Страшная болезнь царя требовала немедленно помощи: и если бы возможна была эта помощь, то она была бы подана царю; если бы пластырь из смокв был естественным известным средством от настоящей болезни, то или сам царь воспользовался бы им, или пророк Исаия предложил бы ему то же еще ранее. Между тем и пророк предрекал ему верную смерть, и царь вполне верил этому (ст.1–3). Поэтому только теперь, после наказания, Езекия принимает предлагаемое средство исцеления, как знамение, – верует не в силу смокв, а в силу знамения: смоквы служат только видимым знаком милости Божией, и само наложение пластыря на рану имело целью то, чтобы болящий ощущал само мгновение, с которого наступило благодатное исцеление. Теперь он решительно уверен, что встанет со смертного одра и пойдет в храм Божий, как обещался, и «будет непрестанно благословлять Бога в песнях во все дни жизни своей» (ст.20).
* * *
На вопрос о том, как определялось это движение тени по ступеням, отвечают по-разному. Еврейское слово маалот (от ала – восходил) соответствует понятию ступени или степени (градус); но какие степени или ступени? Одни полагают, что это ступени лестницы дома, по которым можно было замечать определенное склонение тени; по мнению других, так как здесь идет речь о солнце и тени, то надо понимать степени (или градусы) солнечных часов. Это предположение высказал халдейский толкователь (парафраст) и заменил слово маалот словами эвен-шаага, т.е. камень часовой; ему следуют Симмах и Иероним, называя этот камень горологгон, т.е. указатель часов, иначе – гномон. Еврейские толкователи сообщают, что этот указатель состоял из полукруга, в пустой выпуклости которого бил шар (глобус); и тень, отбрасываемая им, падала на сечения, сделанные на поверхности полукруга, которых было 28. Они то и назывались маалот (градусы). Но ни еврейский текст, ни Александрийский перевод, ни И.Флавий не дают указаний на то, чтобы здесь следовало понимать прибор в виде солнечных часов, которые, говорят, появились гораздо позднее Ахаза. Поэтому некоторые думают, что под маалот надо понимать, ступени лестницы царского дворца, выстроенного Ахазом; его держится Мартини (Комментарий о солнечных часах у древних. Лейпциг. 1775 г. стр.35). По его мнению, здесь имеется в виду лестница, которая вела в царский дворец; на вершине её была колонна (обелиск), уставленная так искусно, что бросала от себя тень на нижние ступени и таким образом показывала течение времени, не столько, впрочем, часы, сколько части дня. Не оспаривая мнения Мартини, можно, однако, под словом маалот понимать и солнечные часы, ибо деление дня на 12-ть часов, а также и употребление солнечных часов, известных у древних под названием скиатерикот, было довольно древним у Вавилонян, от которых греки научились тому и другому (Геродот. История. кн. II. гл. 109). От тех же Ассиро-Вавилонян могли заимствовать употребление солнечных часов и евреи в век царя Езекии.

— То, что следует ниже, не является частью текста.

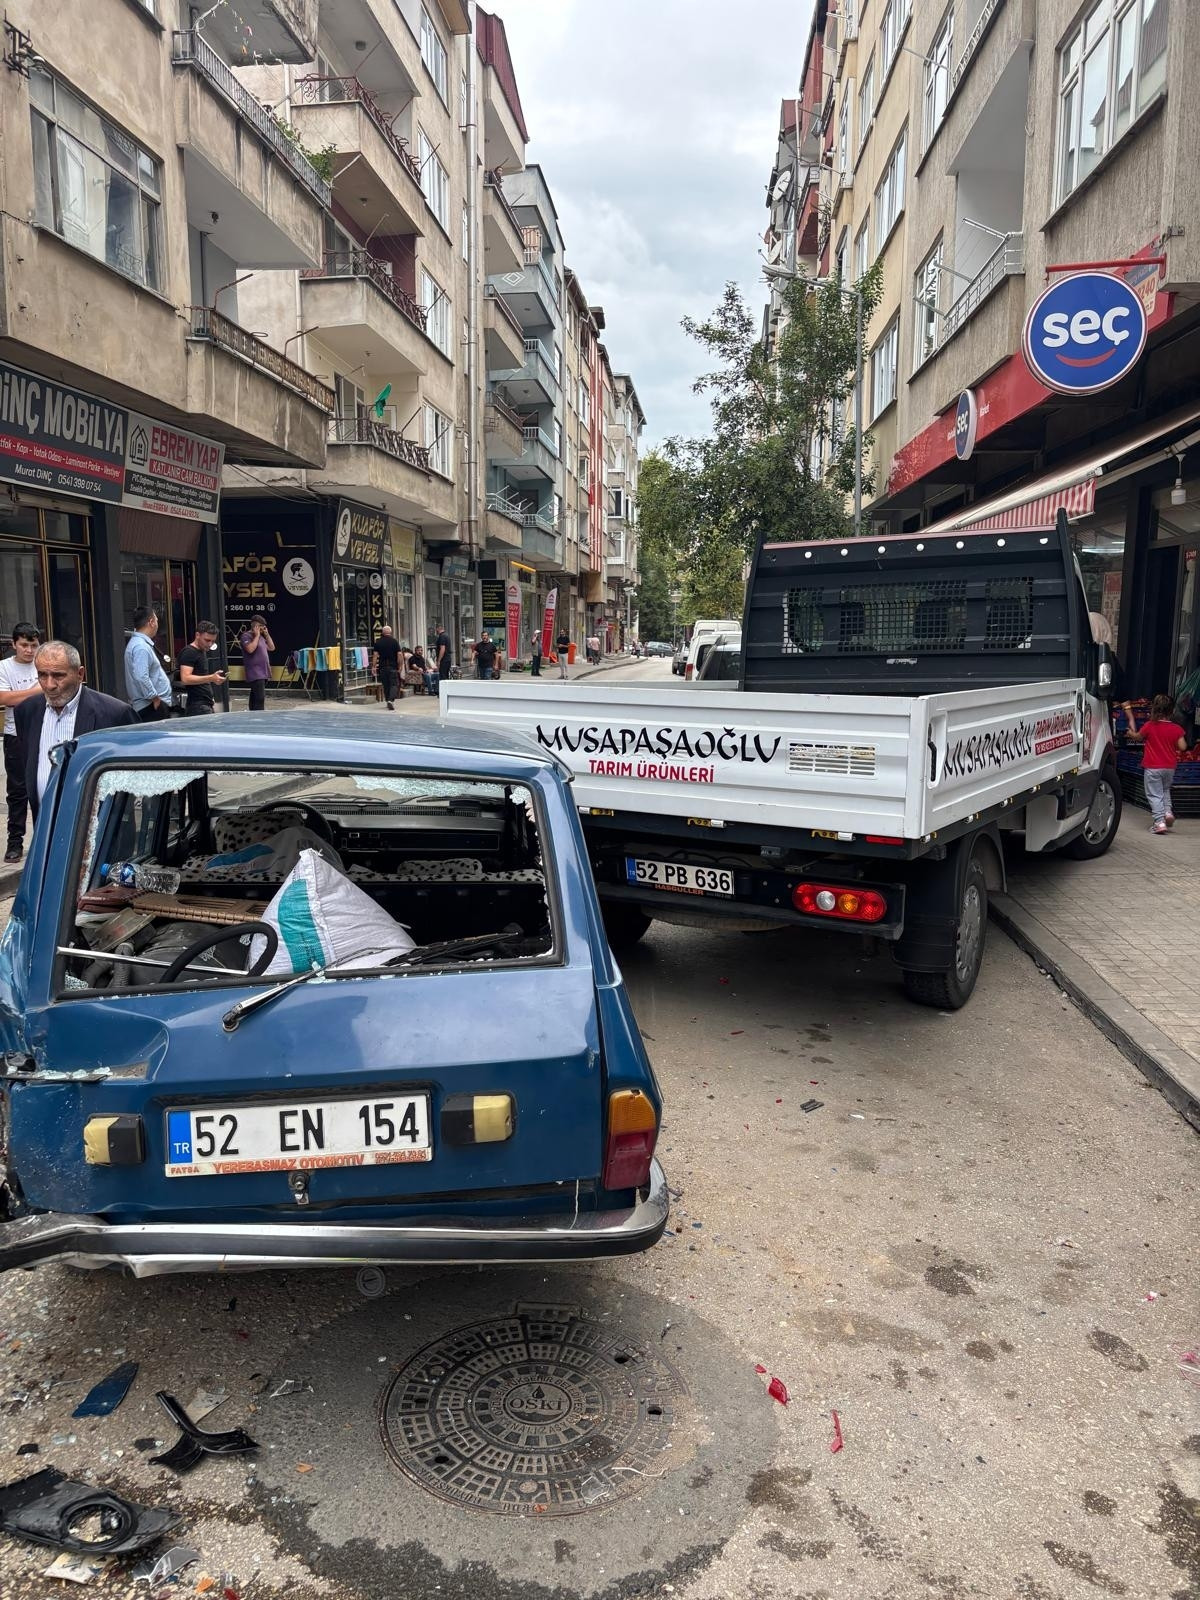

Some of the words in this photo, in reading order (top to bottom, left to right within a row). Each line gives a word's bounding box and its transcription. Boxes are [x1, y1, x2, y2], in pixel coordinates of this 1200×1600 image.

Проф. Евграф Ловягин. Чудесные солнечные явления при Иисусе Навине и пророке Исаии. «Странник. Духовный уч.-литер. журнал». 1861 г. Спб. Сентябрь. Стр.128–142. – Мнение проф. Ловягвна нашло прием в учебных и народных книгах. См. Прот. Мих. Херасков. Обозрение исторических книг Ветхого Завета. Владимир на Кл. 1878 года, стр. 27 и сл. и стр.291–292. – Е.Тихомиров. Два чудесных солнечных явления. По поводу естественного солнечного явления. Затмение солнца 7-го Августа 1887 года. Москва. 1887 г.